If the input is a Spectrum or a ComplexSpectrum, the unit performs the inverse FFT. The output data type is a SampleSet or a ComplexSampleSet, depending on whether the input set is one-sided or two-sided and what symmetry it has. A normalization factor ensures that the inverse FFT output is a sampled representation of the continuous data set x(t) represented by the following continuous transform of the input set X(f):
x(t) = (1/ 2 Pi ) integral[ X(f) exp( 2 Pi i f t )] df.
This transforms the input spectrum back to the time domain.
If the user chooses direct or inverse operation, then the unit ignores the type of the input data set and performs the requested operation. It applies normalizing factors (1/N) if the appropriate factor is chosen.
For some purposes, a windowing function should be applied to data before it is transformed. The user interface gives a choice of some standard windows. The choices are Bartlett, Blackman, Gaussian, Hamming, Hanning, and Welch. These are described in the help file for WindowFnc.
For convenience, the user has an option to maximize speed of the transform in the 1D case, or to minimize storage. The minimum storage option produces a one-sided output, while the maximum speed option produces a two-sided output.
For efficient operation, it is best that the input length should be a power of 2. The unit allows the user to choose that the input is padded to the nearest larger power of two.

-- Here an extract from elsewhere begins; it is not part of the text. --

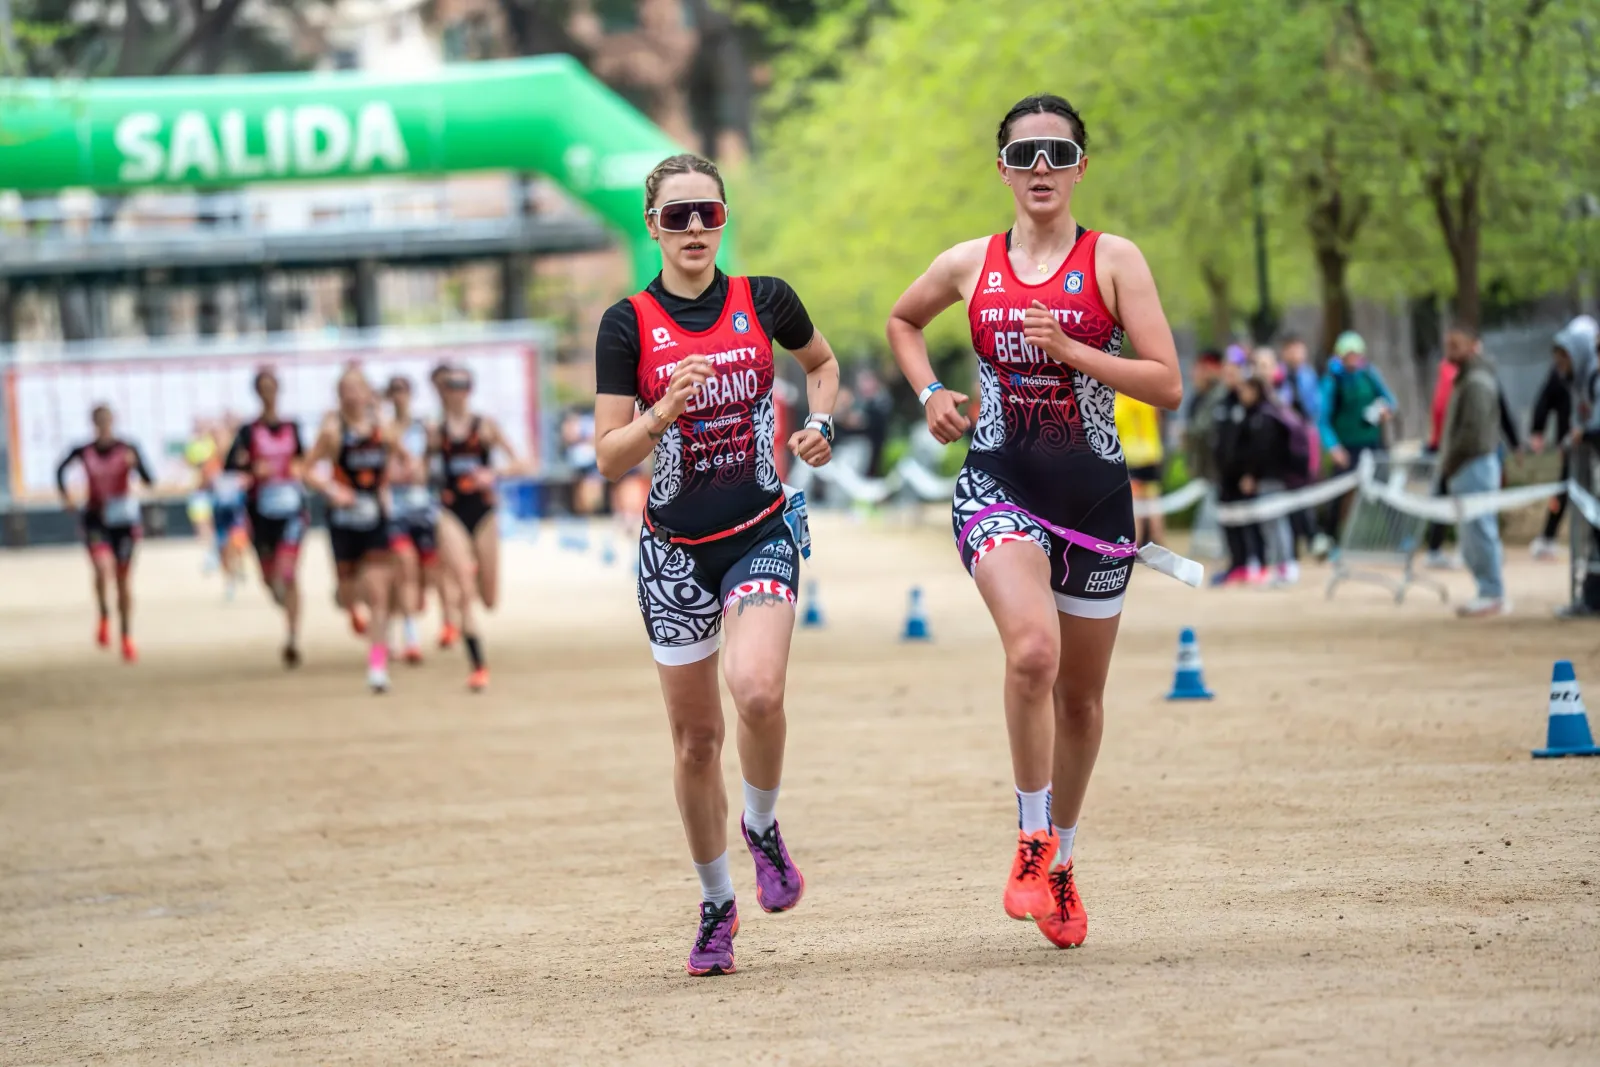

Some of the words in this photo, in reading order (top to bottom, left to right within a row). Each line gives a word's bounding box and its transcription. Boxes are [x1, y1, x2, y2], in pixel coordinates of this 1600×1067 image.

The FFT's parameter window allows the user to choose the type of operation of the transform. There are 5 modes : Automatic, Direct, Direct/normalizated(1/N), inverse or inverse/normalized(1/N). For one-dimensional data sets there are three further options. One is to optimize the speed of the calculation or the storage space of the result. A second option allows the user to specify the windowing function required (if any). The third is a choice of whether the unit should automatically pad out with zero's to the right when applying the FFT.